İŞTE BİLİRKİŞİ RAPORU
“Bazı kolonların ebatları mimari proje ile statik projede farklıdır. Yerinde yapılan incelemede hem mimari hem statik projeden daha küçük ebatlarda kolon yapıldığı saptanmıştır. Zemin inceleme araştırmasında yapının yaklaşık yüzde 10-15 eğimli zemin üzerine inşa edildiği, eğimden kaynaklı yapı temellerinin farklı zemin üzerine oturabileceği değerlendirilmiştir. Bu durum zeminde farklı oturmalara neden olup yapının duraylılığını olumsuz yönde etkiler”
TEMEL ALTINDA KUYU OLUR MU?
Açılan araştırma çukurlarında sedimanter kaya birimlerine ve alüvyon (çakıllı killi) birimler ile dolgu malzemesine rastlanılmıştır.
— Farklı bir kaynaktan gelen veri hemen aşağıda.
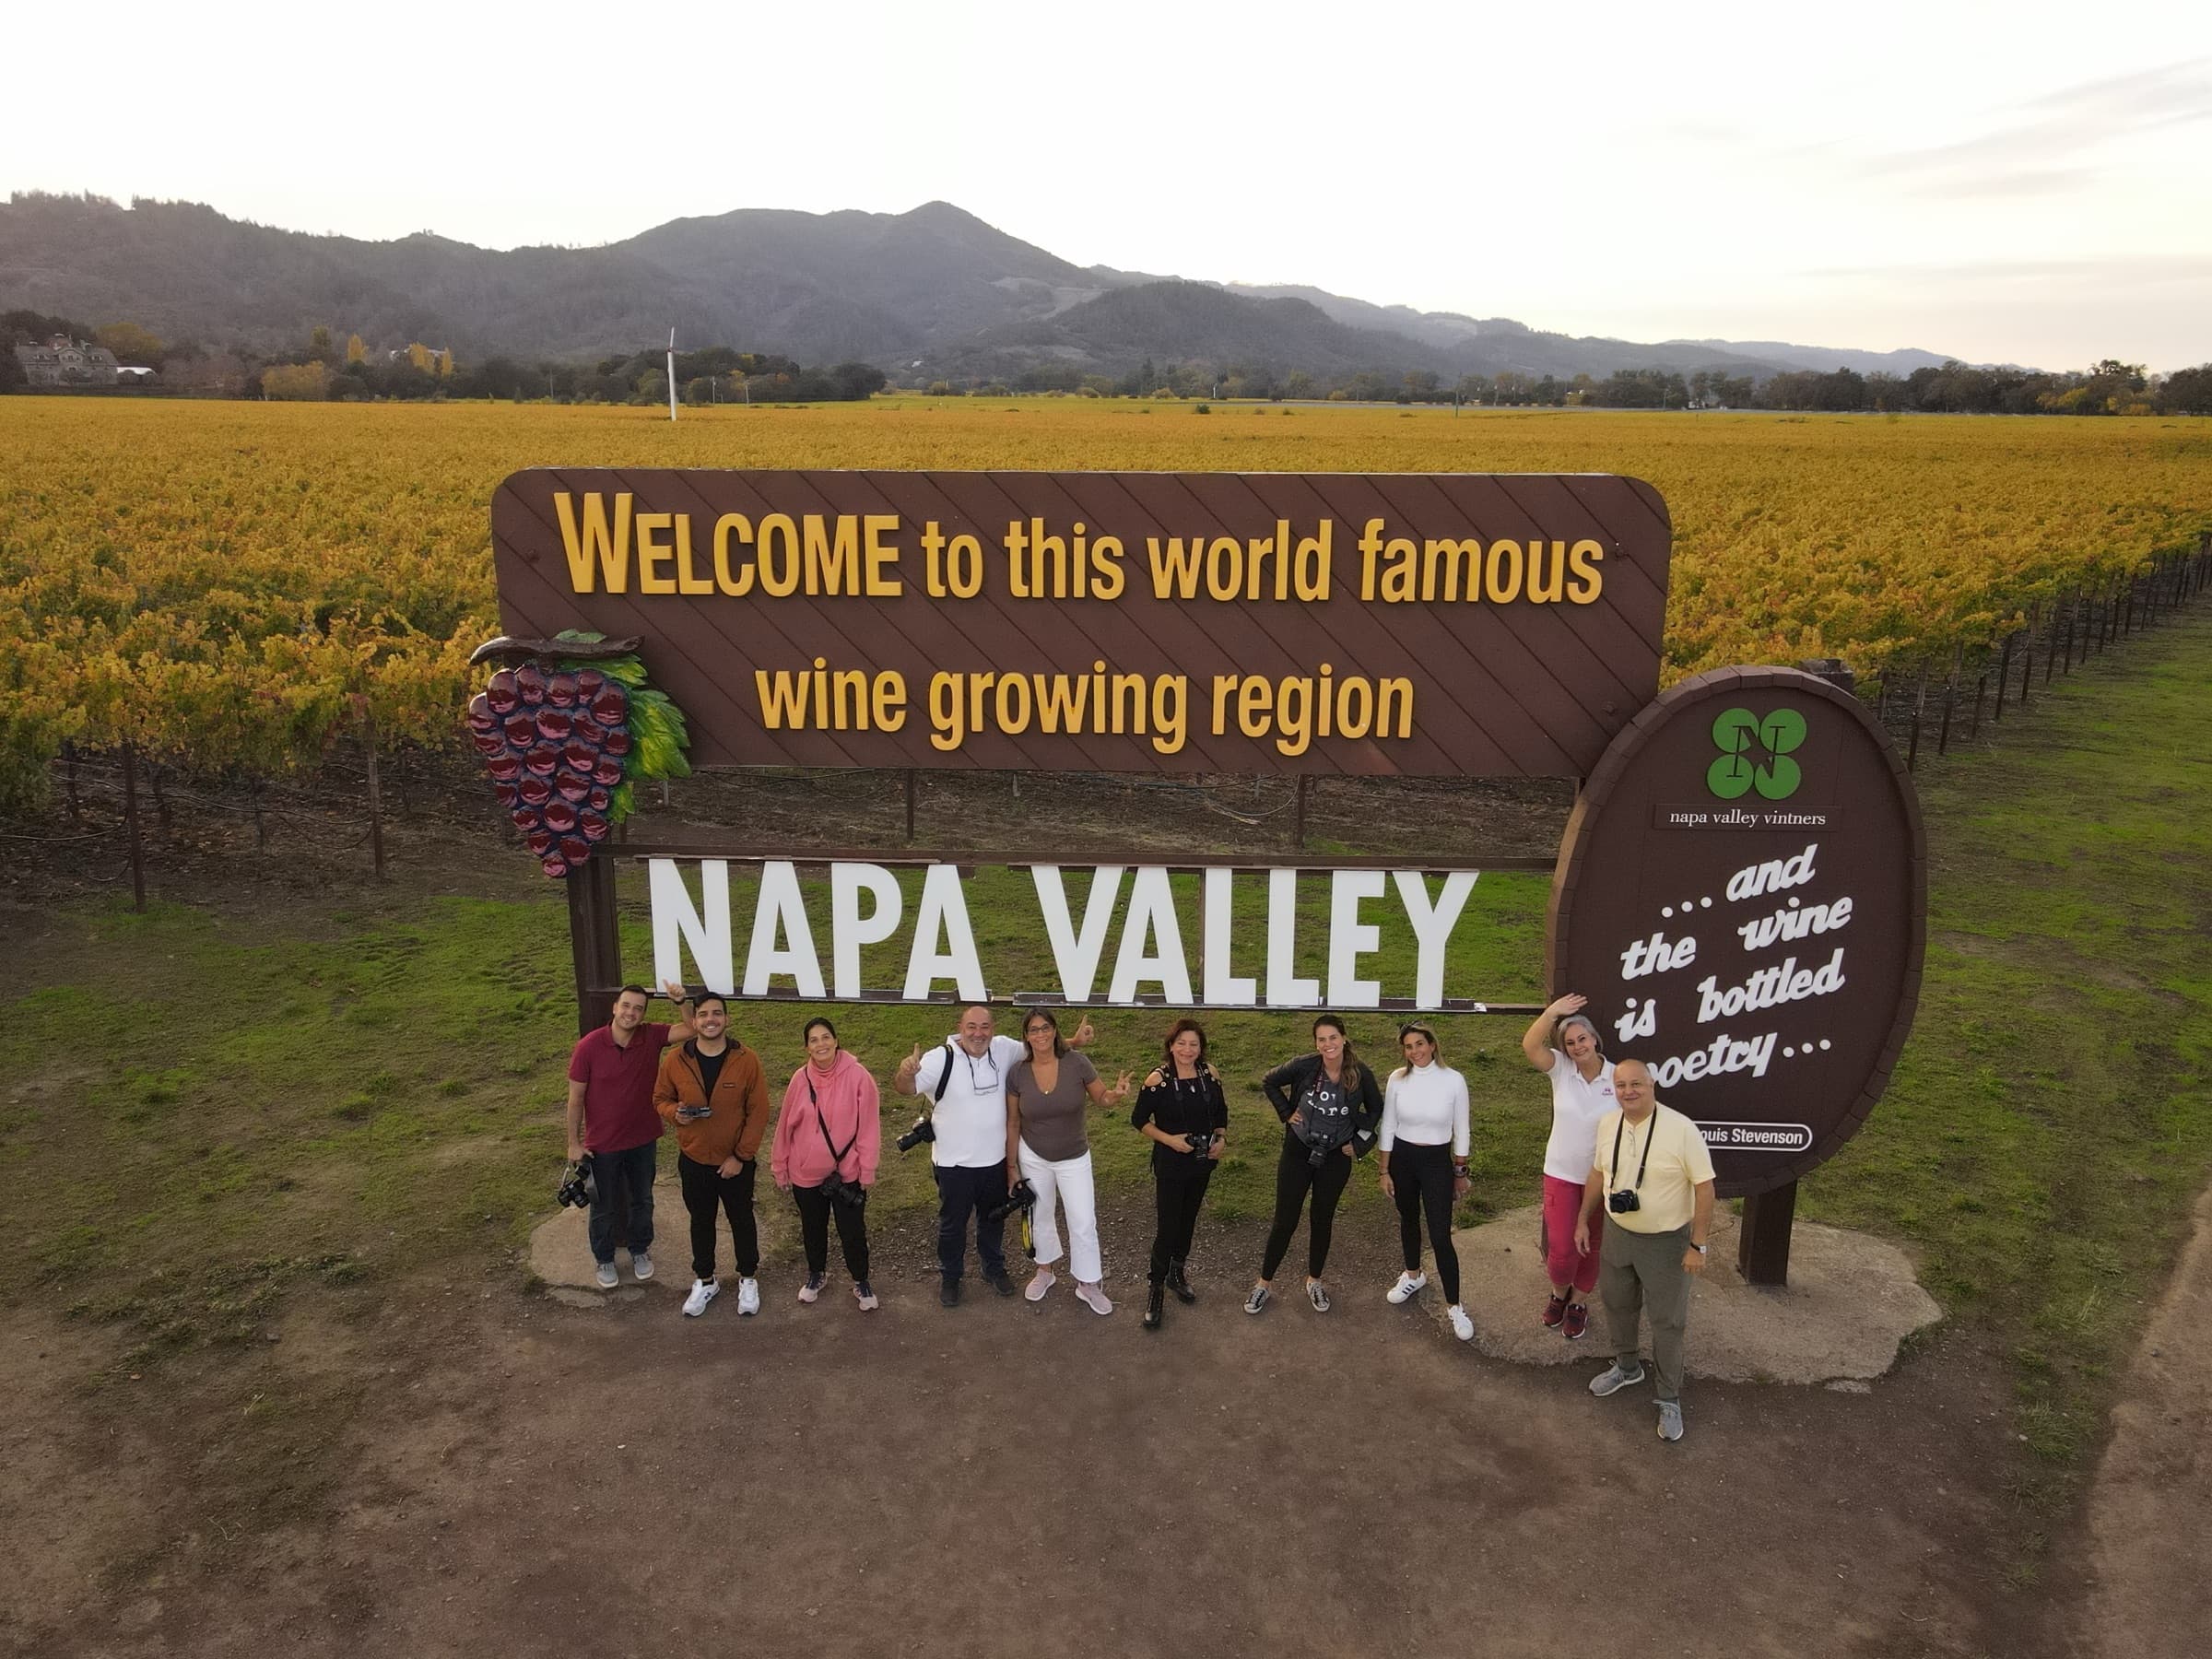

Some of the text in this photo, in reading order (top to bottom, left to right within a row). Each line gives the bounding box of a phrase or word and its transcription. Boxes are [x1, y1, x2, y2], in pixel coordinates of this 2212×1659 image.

[553, 492, 1604, 605] WELCOME to this world famous
[755, 656, 1414, 757] wine growing region
[1670, 808, 1827, 829] napa valley vintners
[649, 858, 1478, 1011] NAPA VALLEY
[1620, 897, 1853, 981] the wine
[1614, 947, 1846, 1042] is bottled
[1700, 1128, 1804, 1146] ouis Stevenson
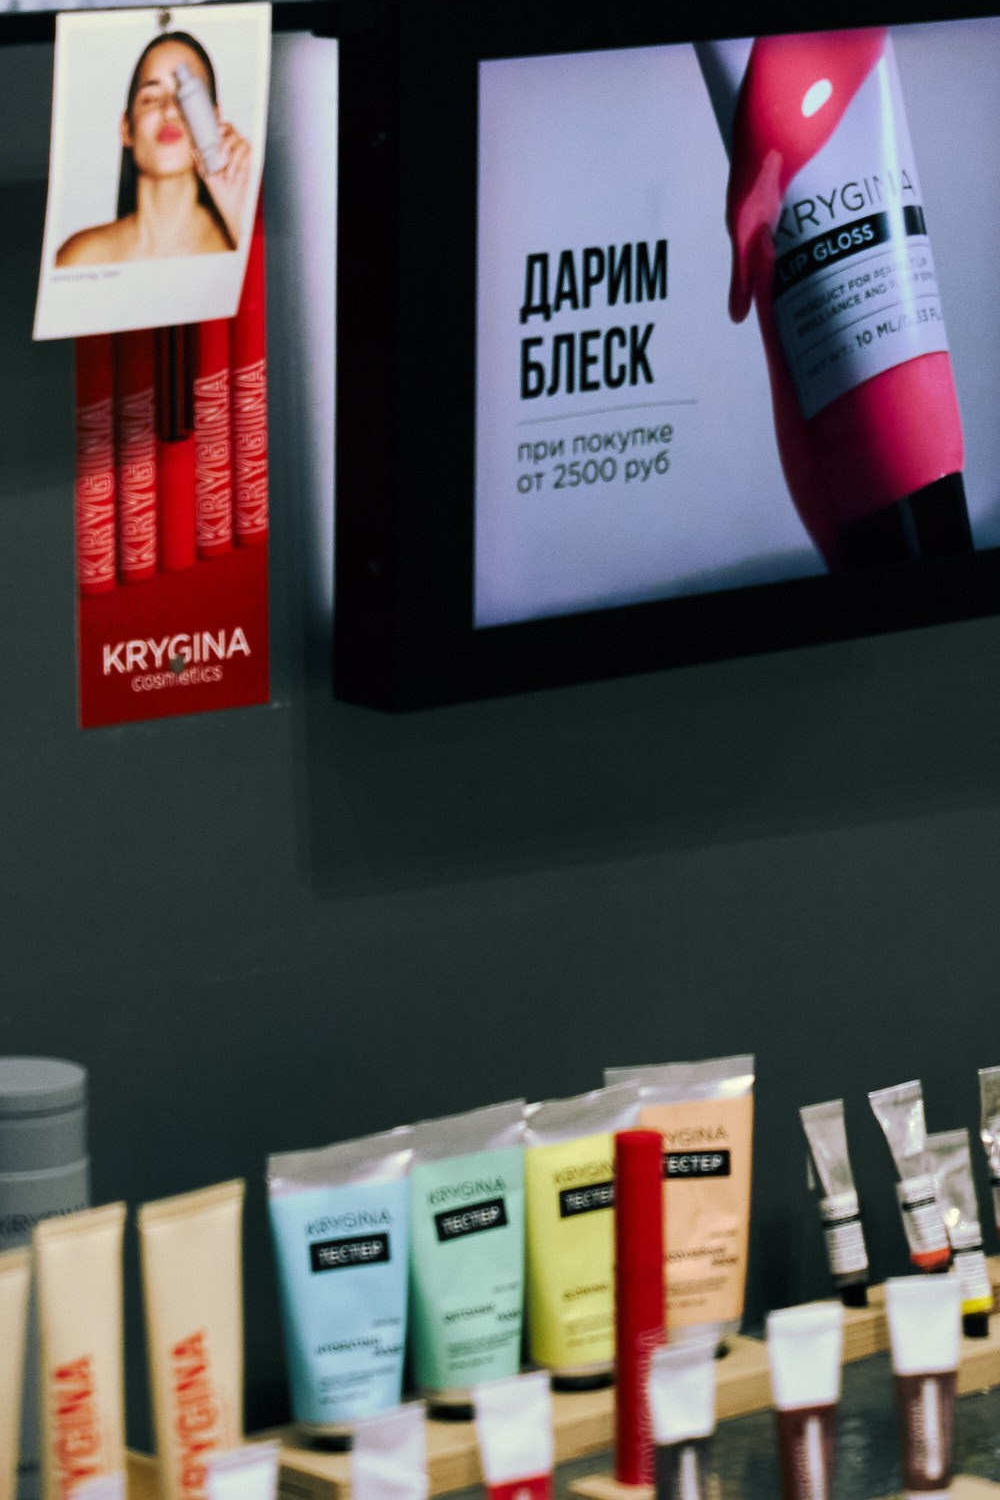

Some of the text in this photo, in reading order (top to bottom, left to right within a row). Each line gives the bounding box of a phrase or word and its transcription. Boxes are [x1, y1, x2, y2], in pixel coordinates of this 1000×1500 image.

Bazı temellerin net olarak ana kaya üzerine oturtulduğu gözlemlense de bazı temellerin dolgu ve alüvyon üzerine oturduğu düşünülmektedir. B-3 nolu Bloğun temelinde yaklaşık 40cm-40cm (kare) ebatlarında içi su dolu bir kuyu tespit edilmiş olup, ne amaçla kullanıldığı ve derinliği hakkında bilgi elde edilememiştir. Her hâlükârda temel altında kuyu vb. bulunması temel sistemine zarar vereceği iddia edilmiştir.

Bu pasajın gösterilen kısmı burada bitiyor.